Task goal:
Look below for the line with "this 1600×1067 image.", then repeat it and all lines after it, exactly, minus any pictures.

---

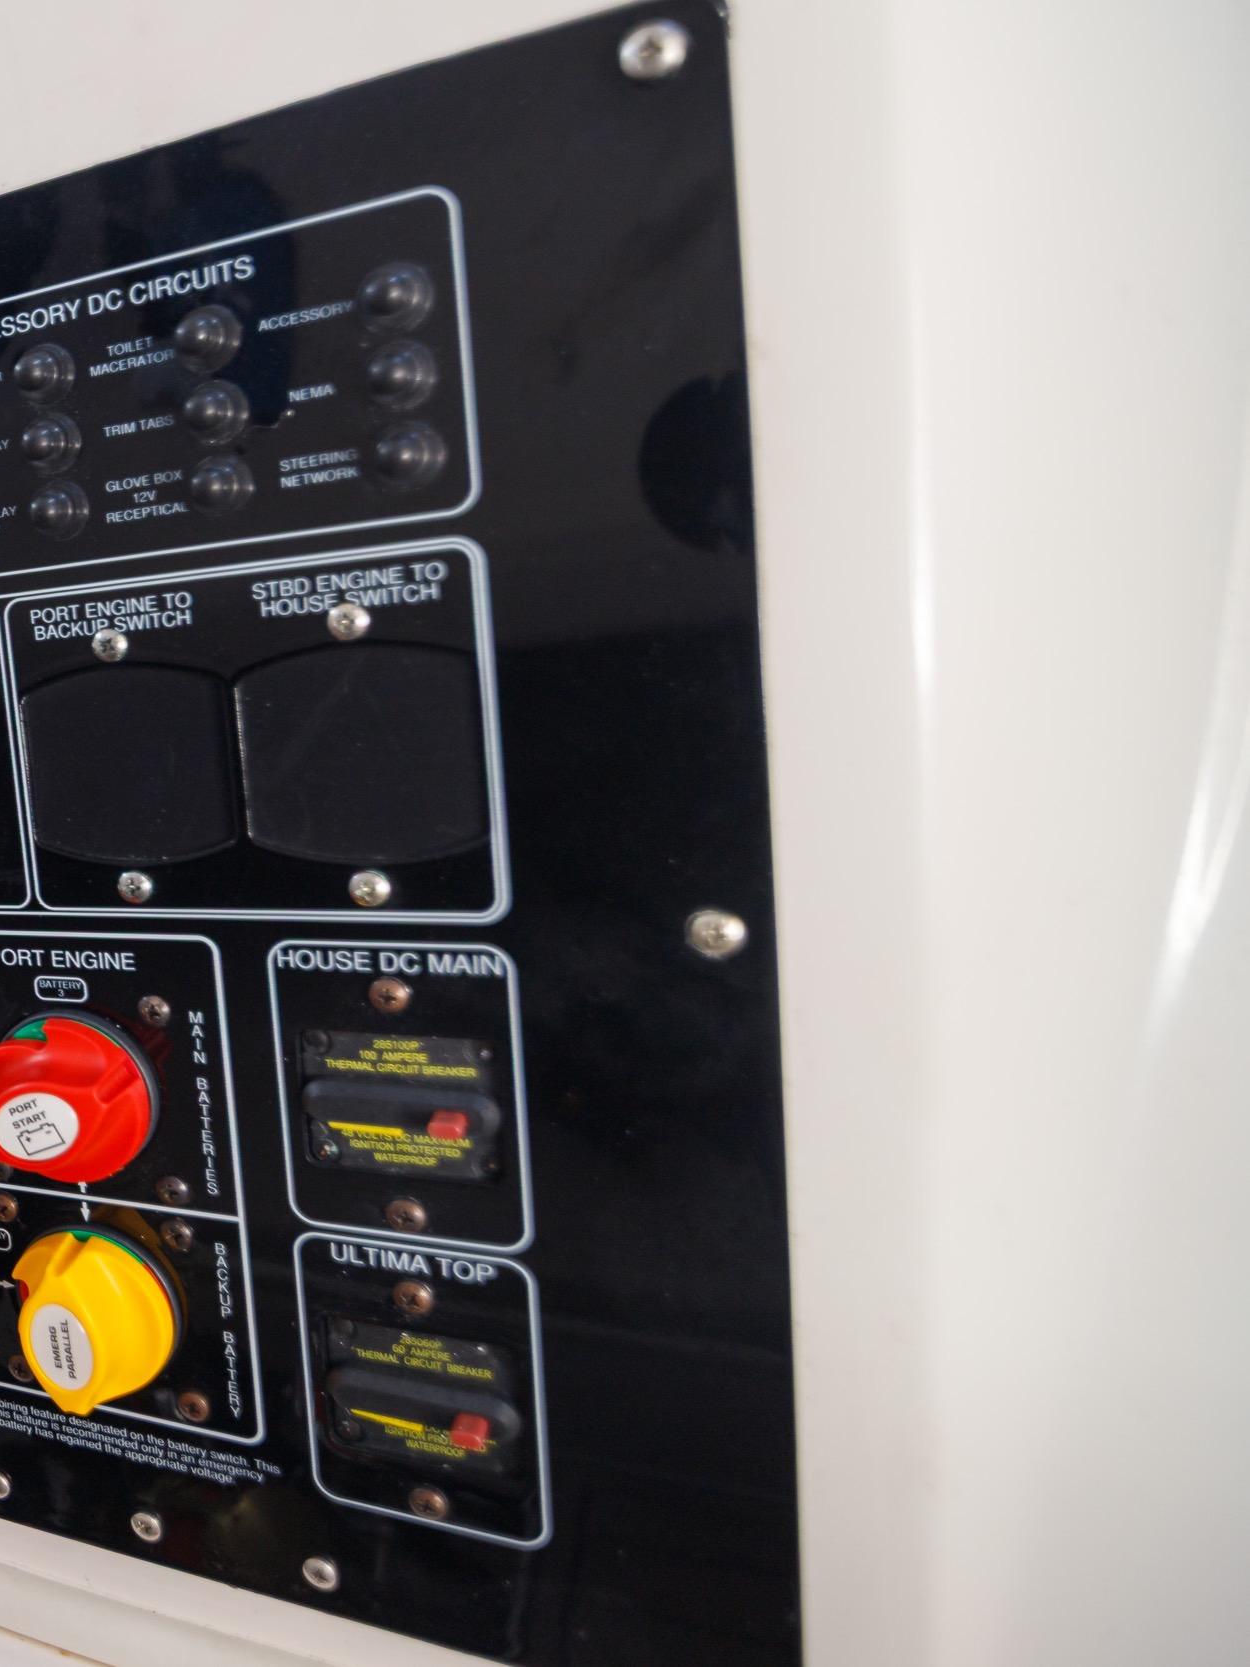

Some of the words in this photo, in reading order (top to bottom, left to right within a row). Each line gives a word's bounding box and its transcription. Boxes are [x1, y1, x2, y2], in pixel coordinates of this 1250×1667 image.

[87, 289, 123, 315] DC
[129, 255, 255, 304] CIRCUITS
[258, 300, 354, 332] ACCESSORY
[107, 336, 154, 357] TOILET
[90, 348, 176, 377] MACERATOR
[288, 384, 336, 403] NEMA
[103, 420, 136, 438] TRIM
[137, 414, 174, 432] TABS
[280, 448, 358, 472] STEERING
[105, 475, 151, 493] GLOVE
[153, 469, 183, 486] BOX
[281, 466, 359, 489] NETWORK
[133, 489, 157, 503] 12V
[106, 502, 190, 524] RECEPTICAL
[252, 578, 312, 600] STBD
[316, 566, 405, 593] ENGINE
[409, 561, 448, 582] TO
[30, 604, 82, 625] PORT
[85, 595, 158, 618] ENGINE
[162, 591, 193, 610] TO
[260, 592, 340, 618] HOUSE
[344, 582, 441, 607] SWITCH
[34, 619, 111, 641] BACKUP
[114, 609, 193, 633] SWITCH
[50, 950, 137, 971] ENGINE
[276, 948, 373, 973] HOUSE
[379, 952, 422, 974] DC
[428, 953, 505, 976] MAIN
[38, 979, 82, 991] BATTERY
[188, 1010, 208, 1064] MAIN
[324, 1058, 375, 1072] THERMAL
[376, 1062, 420, 1074] CIRCUIT
[422, 1065, 478, 1078] BREAKER
[358, 1050, 378, 1060] 100
[382, 1051, 428, 1064] AMPERE
[7, 1098, 38, 1118] PORT
[11, 1110, 47, 1130] START
[196, 1077, 221, 1197] BATTERIES
[350, 1139, 394, 1152] IGNITION
[396, 1143, 462, 1159] PROTECTED
[373, 1152, 438, 1167] WATERPROOF
[329, 1241, 431, 1276] ULTIMA
[435, 1256, 498, 1284] TOP
[214, 1242, 232, 1318] BACKUP
[48, 1325, 63, 1370] EMERG
[61, 1319, 78, 1380] PARALLEL
[392, 1343, 407, 1355] 60
[410, 1347, 450, 1361] AMPERE
[222, 1331, 242, 1419] BATTERY
[356, 1348, 400, 1364] THERMAL
[403, 1356, 442, 1371] CIRCUIT
[446, 1363, 495, 1380] BREAKER
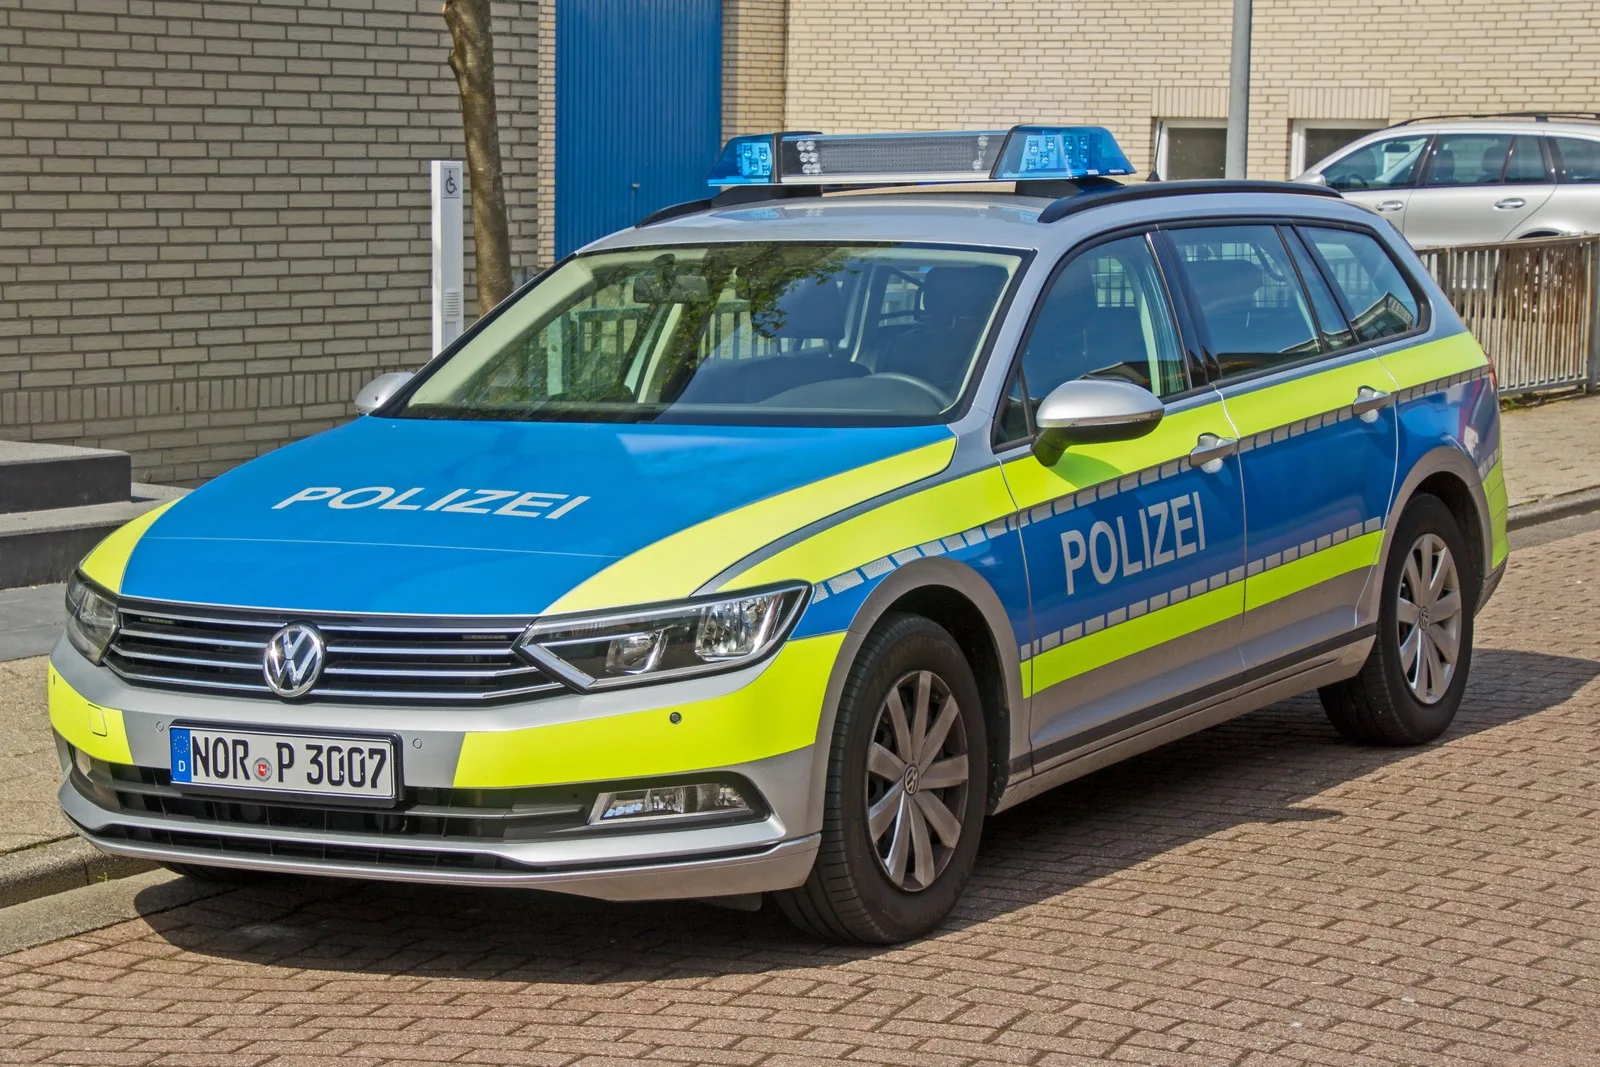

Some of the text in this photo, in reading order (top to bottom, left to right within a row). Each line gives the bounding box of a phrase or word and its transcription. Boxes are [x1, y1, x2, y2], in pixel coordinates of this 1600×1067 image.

[271, 486, 592, 520] POLIZEI
[1060, 491, 1206, 596] POLIZEI
[263, 624, 323, 698] VW
[178, 760, 186, 771] D
[191, 736, 387, 789] NOR P 3007
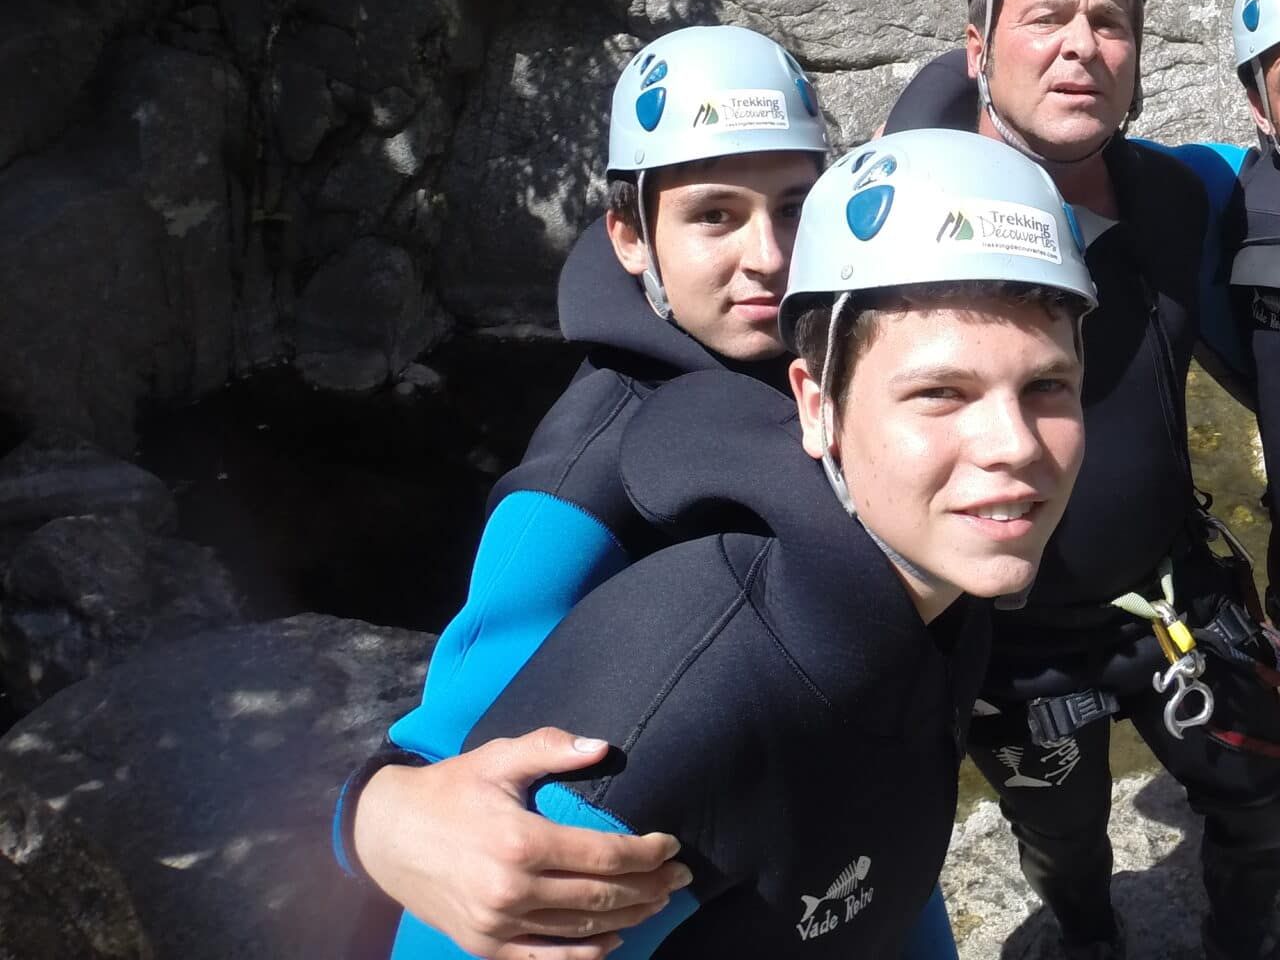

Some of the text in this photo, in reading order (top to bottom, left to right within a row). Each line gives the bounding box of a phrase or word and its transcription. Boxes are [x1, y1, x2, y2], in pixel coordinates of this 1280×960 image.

[731, 96, 780, 111] Trekking
[976, 215, 1057, 252] Découvertes
[988, 210, 1051, 239] Trekking
[796, 887, 874, 941] Vade Retro
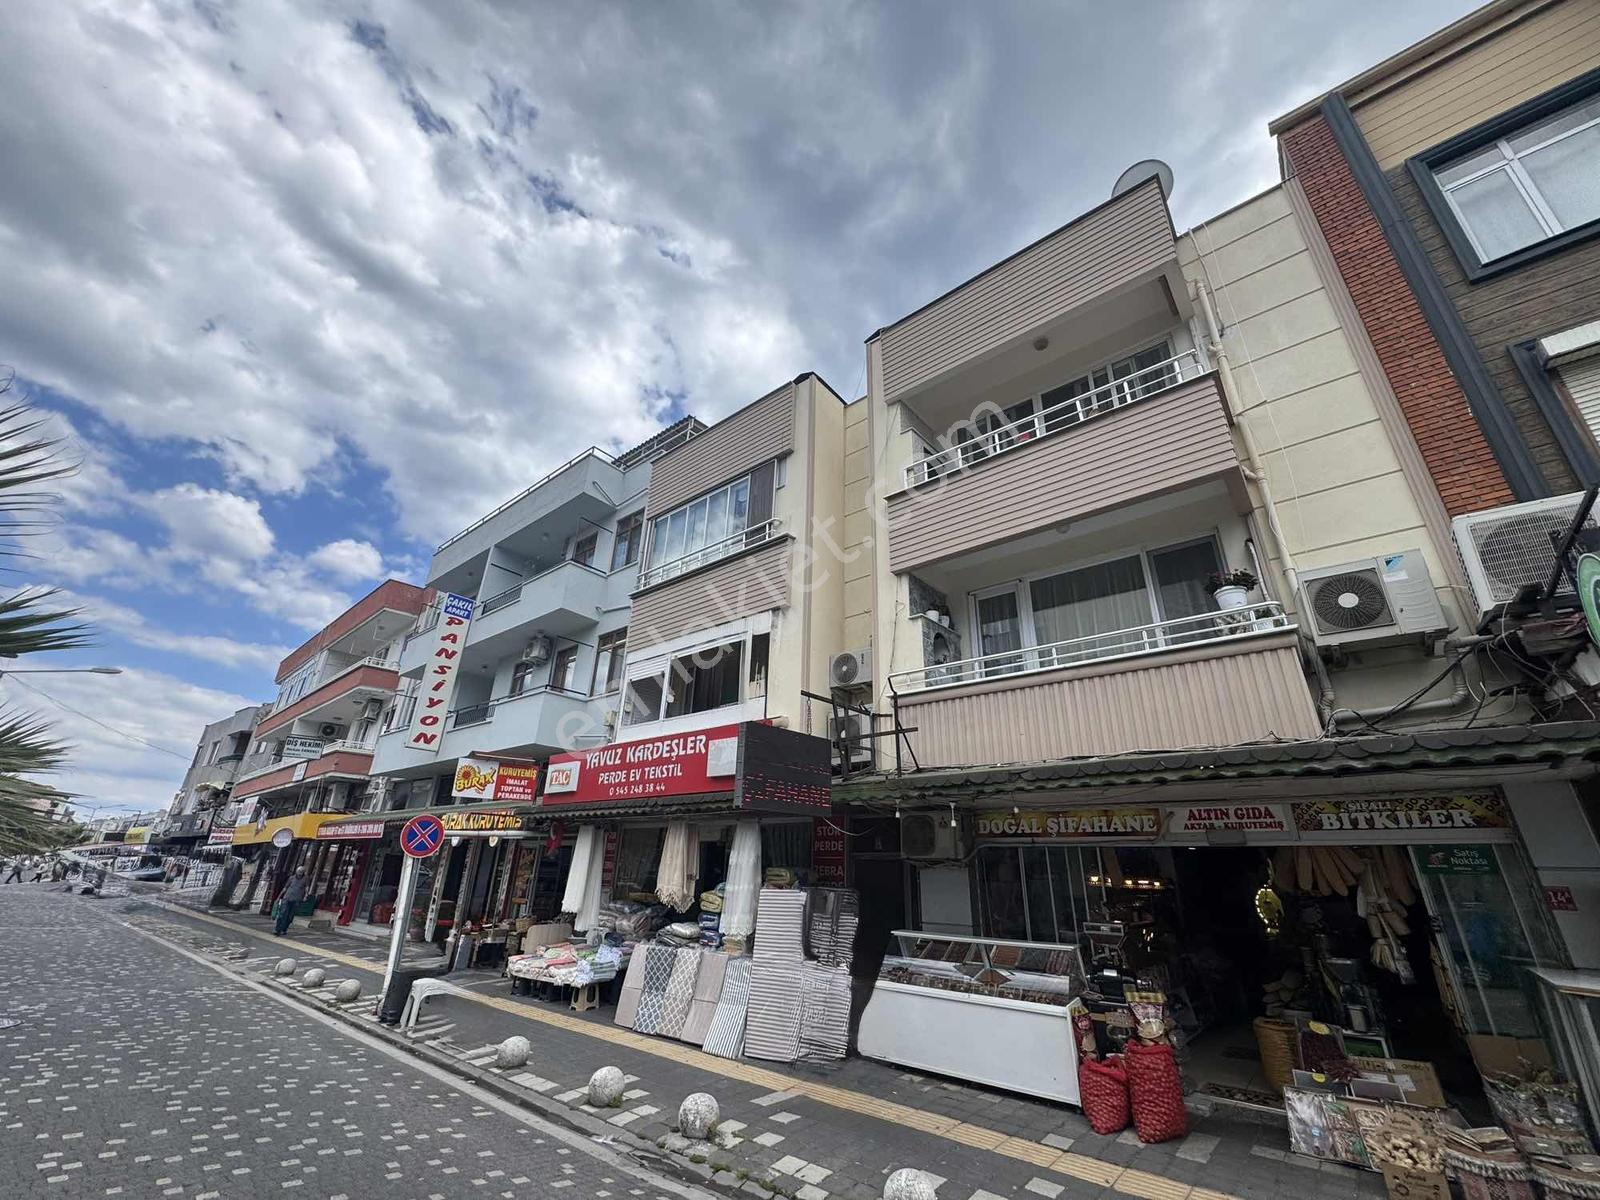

---

Reply:
Some of the text in this photo, in reading order (top to bottom, left to right within a row). Each line gives the bounding box of a phrase or word and its transcription. Boxes are [x1, y1, x2, y2], in pixel coordinates of this 1600×1067 image.

[271, 486, 592, 520] POLIZEI
[1060, 491, 1206, 596] POLIZEI
[263, 624, 323, 698] VW
[178, 760, 186, 771] D
[191, 736, 387, 789] NOR P 3007

Some of the text in this photo, in reading order (top to bottom, left to right within a row). Each line gives the bounding box of a phrase or word and its transcription. Boxes are [x1, y1, x2, y2], in pixel coordinates of this 1280×960 image.

[731, 96, 780, 111] Trekking
[976, 215, 1057, 252] Découvertes
[988, 210, 1051, 239] Trekking
[796, 887, 874, 941] Vade Retro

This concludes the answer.